À la Fête de l’Humanité, la crise du logement s’impose dans les débats

Construction en panne, pénurie de HLM, loyers trop élevés, droit au logement, loi SRU, rénovation, difficultés des jeunes à se loger… À la Fête de l’Humanité 2026, le logement s’est invité dans de nombreux débats. Une présence qui dit quelque chose de l’urgence sociale du moment : la crise du logement ne peut plus rester au second plan du débat politique.

Il suffisait de parcourir les différents espaces de la Fête pour le constater. Sur plusieurs stands, avec des intervenants et des approches différentes, une même question revenait : comment sortir d’une crise du logement qui touche désormais des catégories toujours plus larges de la population ?

La CNL était naturellement au cœur de ces échanges. Dès le samedi matin, Eddie Jacquemart participait à une rencontre consacrée au passage « de la défense du logement social à la conquête de droits nouveaux », avec notamment Denis Öztorun, maire de Bonneuil-sur-Marne, et Delphine Valentin, directrice générale d’IDF Habitat.

https://youtube.com/shorts/lpEyEPIIt2Q?feature=share

Quelques heures plus tard, deux débats se déroulaient quasiment simultanément. Sur le stand de la Coopérative des élu·e·s, Raphaël Adam, Jean-Philippe Dugoin-Clément, Marianne Margaté, Emmanuelle Cosse et Eddie Jacquemart débattaient autour d’un titre volontairement offensif : « La crise du logement n’est pas une fatalité ». Au même moment, sur le stand de la fédération CNL de l’Essonne, le logement était abordé comme un défi démocratique et écologique.

https://youtu.be/i3GNNzIzCIY?si=GiJ9w_0b3dzDrFQb

La Coopérative des élu·e·s avait d’ailleurs consacré dès le matin une réunion de sa commission logement à ces enjeux. Le débat de l’après-midi élargissait la réflexion : comment relancer la construction de logements abordables ? Quel avenir pour le logement social ? Comment lutter contre la spéculation et permettre aux collectivités d’agir ?
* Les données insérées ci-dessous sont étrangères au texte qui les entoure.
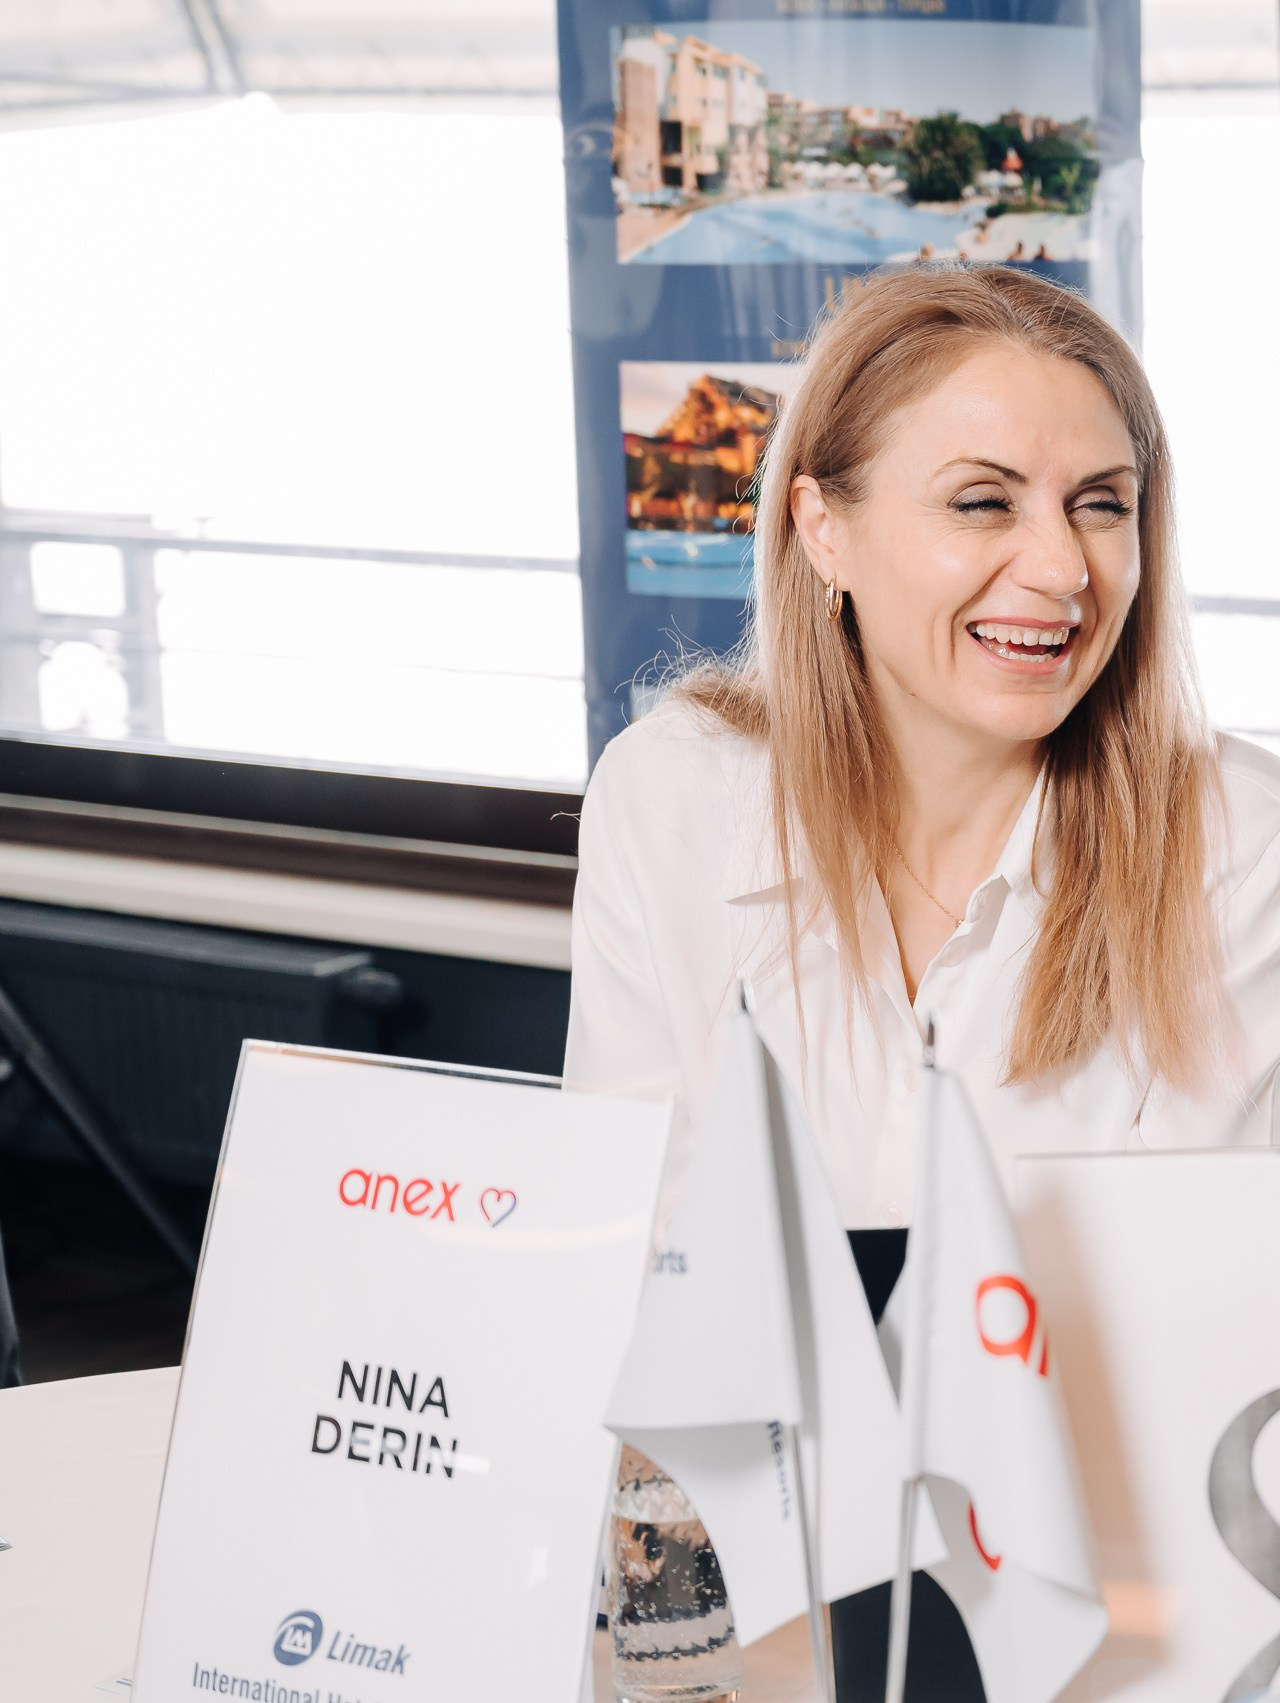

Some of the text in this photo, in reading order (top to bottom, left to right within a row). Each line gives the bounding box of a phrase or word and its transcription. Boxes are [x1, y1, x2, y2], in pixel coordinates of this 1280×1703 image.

[339, 1168, 460, 1222] anex
[338, 1360, 449, 1418] NINA
[312, 1414, 457, 1478] DERIN
[326, 1630, 411, 1675] Limak
Et le sujet dépassait largement les seuls rendez-vous organisés par la CNL ou les élu·e·s. Solidarités Nouvelles pour le Logement et l’Association DALO proposaient, elles aussi, une rencontre consacrée aux 20 ans du droit au logement opposable, interrogeant directement l’effectivité de ce droit.
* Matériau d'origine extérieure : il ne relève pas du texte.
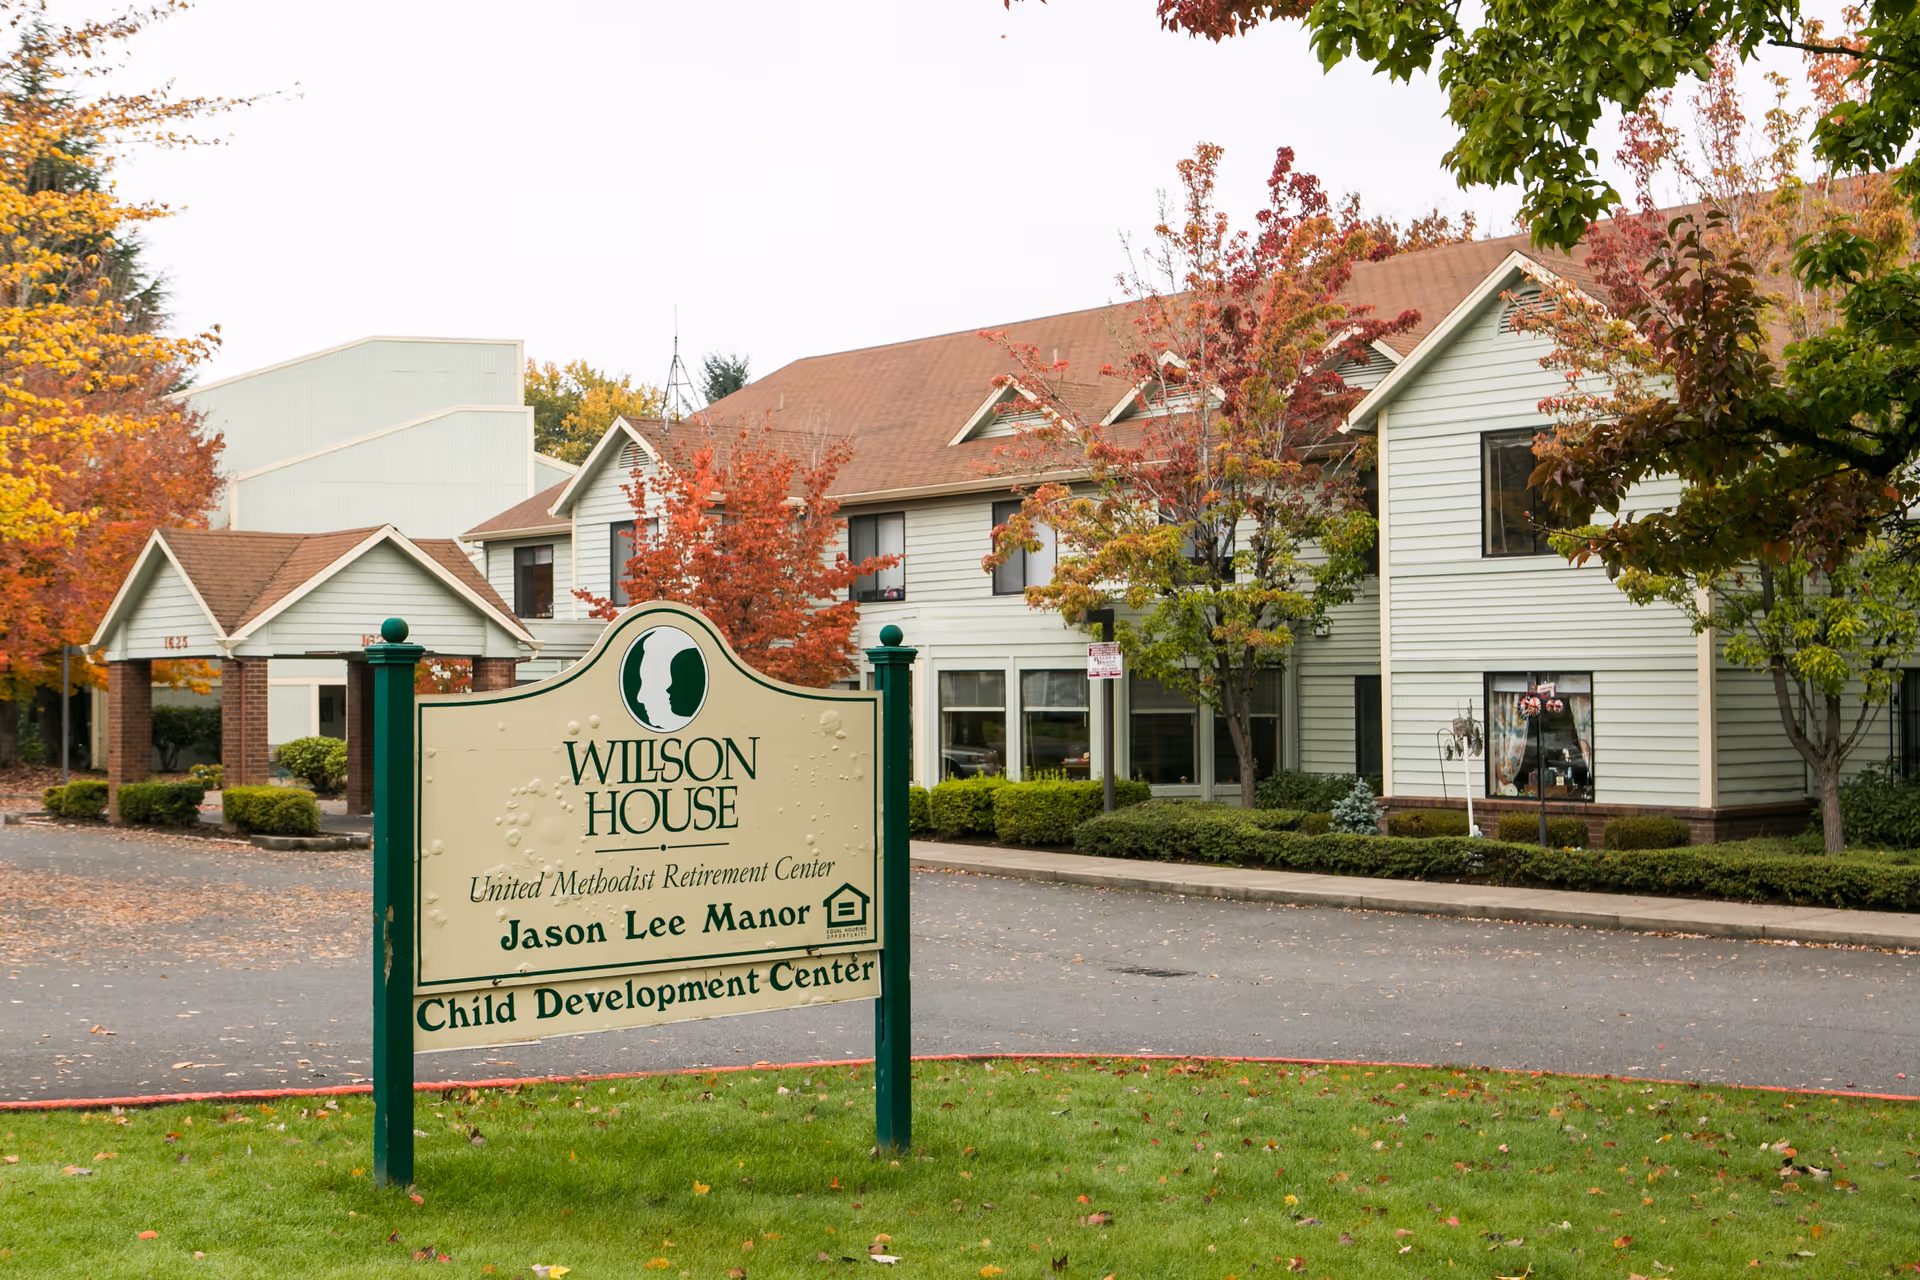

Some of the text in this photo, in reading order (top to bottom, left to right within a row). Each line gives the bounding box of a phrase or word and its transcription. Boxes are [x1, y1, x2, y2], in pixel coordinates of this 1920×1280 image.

[361, 634, 385, 647] 162
[563, 737, 760, 786] WILLSON
[585, 786, 739, 836] HOUSE
[470, 856, 836, 903] United Methodist Retirement Center
[501, 903, 811, 951] Jason Lee Manor
[826, 931, 867, 939] OPPORTUNITY
[416, 958, 875, 1032] Child Development Center
Le dimanche, la question des jeunes face à la crise du logement faisait encore l’objet d’un débat auquel participait la CNL. Une dimension essentielle tant l’accès au logement conditionne aujourd’hui les études, l’entrée dans la vie professionnelle et l’autonomie.

Une crise qui dépasse désormais le seul monde du logement

D’un débat à l’autre, les approches pouvaient différer mais plusieurs constats revenaient : une offre insuffisante, un logement social sous pression, des parcours résidentiels bloqués et des habitants confrontés à des dépenses toujours plus lourdes.

Près de trois millions de ménages attendent aujourd’hui un logement social. Derrière ce chiffre se trouvent des familles, des jeunes, des salariés, des retraités qui ne parviennent plus à trouver un logement correspondant à leurs ressources.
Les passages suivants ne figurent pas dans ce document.